= Beginning of Section =

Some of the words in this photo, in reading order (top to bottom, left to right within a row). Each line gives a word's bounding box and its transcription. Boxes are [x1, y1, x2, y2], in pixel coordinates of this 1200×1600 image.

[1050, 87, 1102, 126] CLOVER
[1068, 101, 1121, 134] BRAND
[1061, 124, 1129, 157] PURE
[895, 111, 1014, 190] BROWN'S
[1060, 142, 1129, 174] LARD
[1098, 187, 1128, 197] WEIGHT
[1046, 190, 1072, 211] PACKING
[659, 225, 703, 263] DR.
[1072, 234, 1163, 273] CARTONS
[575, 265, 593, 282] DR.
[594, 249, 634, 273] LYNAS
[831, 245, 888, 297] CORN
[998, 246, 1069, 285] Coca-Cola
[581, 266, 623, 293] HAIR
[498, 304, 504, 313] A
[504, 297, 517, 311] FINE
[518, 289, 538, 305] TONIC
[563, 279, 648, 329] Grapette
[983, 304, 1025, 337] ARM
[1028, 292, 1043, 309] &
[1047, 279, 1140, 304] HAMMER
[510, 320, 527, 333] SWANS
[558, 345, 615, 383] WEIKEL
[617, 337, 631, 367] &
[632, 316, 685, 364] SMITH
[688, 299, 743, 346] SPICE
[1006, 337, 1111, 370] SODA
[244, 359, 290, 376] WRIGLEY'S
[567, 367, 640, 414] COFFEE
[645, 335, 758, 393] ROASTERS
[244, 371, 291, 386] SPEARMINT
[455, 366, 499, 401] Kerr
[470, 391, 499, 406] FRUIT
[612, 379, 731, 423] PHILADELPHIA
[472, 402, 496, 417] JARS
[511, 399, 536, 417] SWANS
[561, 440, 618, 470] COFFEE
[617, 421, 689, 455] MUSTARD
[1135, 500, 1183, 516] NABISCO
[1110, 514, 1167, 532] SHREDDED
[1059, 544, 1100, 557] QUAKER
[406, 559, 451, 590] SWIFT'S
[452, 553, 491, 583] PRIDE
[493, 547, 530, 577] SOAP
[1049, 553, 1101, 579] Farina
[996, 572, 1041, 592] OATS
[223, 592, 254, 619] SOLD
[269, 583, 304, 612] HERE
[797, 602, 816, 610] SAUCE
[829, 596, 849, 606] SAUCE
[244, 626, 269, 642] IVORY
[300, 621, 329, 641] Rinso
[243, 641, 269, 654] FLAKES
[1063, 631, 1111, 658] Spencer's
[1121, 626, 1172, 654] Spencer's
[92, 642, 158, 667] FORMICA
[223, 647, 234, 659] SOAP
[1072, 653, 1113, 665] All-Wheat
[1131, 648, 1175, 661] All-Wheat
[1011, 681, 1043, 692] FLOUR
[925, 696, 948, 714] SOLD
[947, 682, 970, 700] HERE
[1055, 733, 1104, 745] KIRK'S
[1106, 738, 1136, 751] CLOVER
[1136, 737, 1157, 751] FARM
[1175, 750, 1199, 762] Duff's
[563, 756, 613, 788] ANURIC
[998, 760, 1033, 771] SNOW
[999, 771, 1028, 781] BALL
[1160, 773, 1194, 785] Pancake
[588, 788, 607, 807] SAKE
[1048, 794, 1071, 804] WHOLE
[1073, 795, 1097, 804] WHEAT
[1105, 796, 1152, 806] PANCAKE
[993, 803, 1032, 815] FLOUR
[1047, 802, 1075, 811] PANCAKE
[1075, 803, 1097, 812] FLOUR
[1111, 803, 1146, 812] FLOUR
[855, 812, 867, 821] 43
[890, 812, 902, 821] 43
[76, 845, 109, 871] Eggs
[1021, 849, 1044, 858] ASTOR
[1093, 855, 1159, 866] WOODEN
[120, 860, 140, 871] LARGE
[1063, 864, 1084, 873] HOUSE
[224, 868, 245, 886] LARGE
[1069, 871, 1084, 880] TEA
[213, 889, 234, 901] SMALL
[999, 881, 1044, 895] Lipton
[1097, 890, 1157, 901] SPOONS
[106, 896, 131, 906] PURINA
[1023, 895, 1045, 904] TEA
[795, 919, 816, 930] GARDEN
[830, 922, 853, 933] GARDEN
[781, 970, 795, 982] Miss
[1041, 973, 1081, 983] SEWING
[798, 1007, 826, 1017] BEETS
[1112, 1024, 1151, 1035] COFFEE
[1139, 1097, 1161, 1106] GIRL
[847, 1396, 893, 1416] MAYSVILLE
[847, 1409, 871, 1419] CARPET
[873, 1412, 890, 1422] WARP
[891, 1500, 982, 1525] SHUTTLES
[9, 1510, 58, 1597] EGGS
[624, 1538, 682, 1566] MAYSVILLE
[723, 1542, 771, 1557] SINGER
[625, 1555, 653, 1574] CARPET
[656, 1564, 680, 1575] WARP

= End of Section =

What you return must match the records above exactly, line for line.

## Solution for this problem:
Some of the words in this photo, in reading order (top to bottom, left to right within a row). Each line gives a word's bounding box and its transcription. Boxes are [x1, y1, x2, y2], in pixel coordinates of this 1200×1600 image.

[1050, 87, 1102, 126] CLOVER
[1068, 101, 1121, 134] BRAND
[1061, 124, 1129, 157] PURE
[895, 111, 1014, 190] BROWN'S
[1060, 142, 1129, 174] LARD
[1098, 187, 1128, 197] WEIGHT
[1046, 190, 1072, 211] PACKING
[659, 225, 703, 263] DR.
[1072, 234, 1163, 273] CARTONS
[575, 265, 593, 282] DR.
[594, 249, 634, 273] LYNAS
[831, 245, 888, 297] CORN
[998, 246, 1069, 285] Coca-Cola
[581, 266, 623, 293] HAIR
[498, 304, 504, 313] A
[504, 297, 517, 311] FINE
[518, 289, 538, 305] TONIC
[563, 279, 648, 329] Grapette
[983, 304, 1025, 337] ARM
[1028, 292, 1043, 309] &
[1047, 279, 1140, 304] HAMMER
[510, 320, 527, 333] SWANS
[558, 345, 615, 383] WEIKEL
[617, 337, 631, 367] &
[632, 316, 685, 364] SMITH
[688, 299, 743, 346] SPICE
[1006, 337, 1111, 370] SODA
[244, 359, 290, 376] WRIGLEY'S
[567, 367, 640, 414] COFFEE
[645, 335, 758, 393] ROASTERS
[244, 371, 291, 386] SPEARMINT
[455, 366, 499, 401] Kerr
[470, 391, 499, 406] FRUIT
[612, 379, 731, 423] PHILADELPHIA
[472, 402, 496, 417] JARS
[511, 399, 536, 417] SWANS
[561, 440, 618, 470] COFFEE
[617, 421, 689, 455] MUSTARD
[1135, 500, 1183, 516] NABISCO
[1110, 514, 1167, 532] SHREDDED
[1059, 544, 1100, 557] QUAKER
[406, 559, 451, 590] SWIFT'S
[452, 553, 491, 583] PRIDE
[493, 547, 530, 577] SOAP
[1049, 553, 1101, 579] Farina
[996, 572, 1041, 592] OATS
[223, 592, 254, 619] SOLD
[269, 583, 304, 612] HERE
[797, 602, 816, 610] SAUCE
[829, 596, 849, 606] SAUCE
[244, 626, 269, 642] IVORY
[300, 621, 329, 641] Rinso
[243, 641, 269, 654] FLAKES
[1063, 631, 1111, 658] Spencer's
[1121, 626, 1172, 654] Spencer's
[92, 642, 158, 667] FORMICA
[223, 647, 234, 659] SOAP
[1072, 653, 1113, 665] All-Wheat
[1131, 648, 1175, 661] All-Wheat
[1011, 681, 1043, 692] FLOUR
[925, 696, 948, 714] SOLD
[947, 682, 970, 700] HERE
[1055, 733, 1104, 745] KIRK'S
[1106, 738, 1136, 751] CLOVER
[1136, 737, 1157, 751] FARM
[1175, 750, 1199, 762] Duff's
[563, 756, 613, 788] ANURIC
[998, 760, 1033, 771] SNOW
[999, 771, 1028, 781] BALL
[1160, 773, 1194, 785] Pancake
[588, 788, 607, 807] SAKE
[1048, 794, 1071, 804] WHOLE
[1073, 795, 1097, 804] WHEAT
[1105, 796, 1152, 806] PANCAKE
[993, 803, 1032, 815] FLOUR
[1047, 802, 1075, 811] PANCAKE
[1075, 803, 1097, 812] FLOUR
[1111, 803, 1146, 812] FLOUR
[855, 812, 867, 821] 43
[890, 812, 902, 821] 43
[76, 845, 109, 871] Eggs
[1021, 849, 1044, 858] ASTOR
[1093, 855, 1159, 866] WOODEN
[120, 860, 140, 871] LARGE
[1063, 864, 1084, 873] HOUSE
[224, 868, 245, 886] LARGE
[1069, 871, 1084, 880] TEA
[213, 889, 234, 901] SMALL
[999, 881, 1044, 895] Lipton
[1097, 890, 1157, 901] SPOONS
[106, 896, 131, 906] PURINA
[1023, 895, 1045, 904] TEA
[795, 919, 816, 930] GARDEN
[830, 922, 853, 933] GARDEN
[781, 970, 795, 982] Miss
[1041, 973, 1081, 983] SEWING
[798, 1007, 826, 1017] BEETS
[1112, 1024, 1151, 1035] COFFEE
[1139, 1097, 1161, 1106] GIRL
[847, 1396, 893, 1416] MAYSVILLE
[847, 1409, 871, 1419] CARPET
[873, 1412, 890, 1422] WARP
[891, 1500, 982, 1525] SHUTTLES
[9, 1510, 58, 1597] EGGS
[624, 1538, 682, 1566] MAYSVILLE
[723, 1542, 771, 1557] SINGER
[625, 1555, 653, 1574] CARPET
[656, 1564, 680, 1575] WARP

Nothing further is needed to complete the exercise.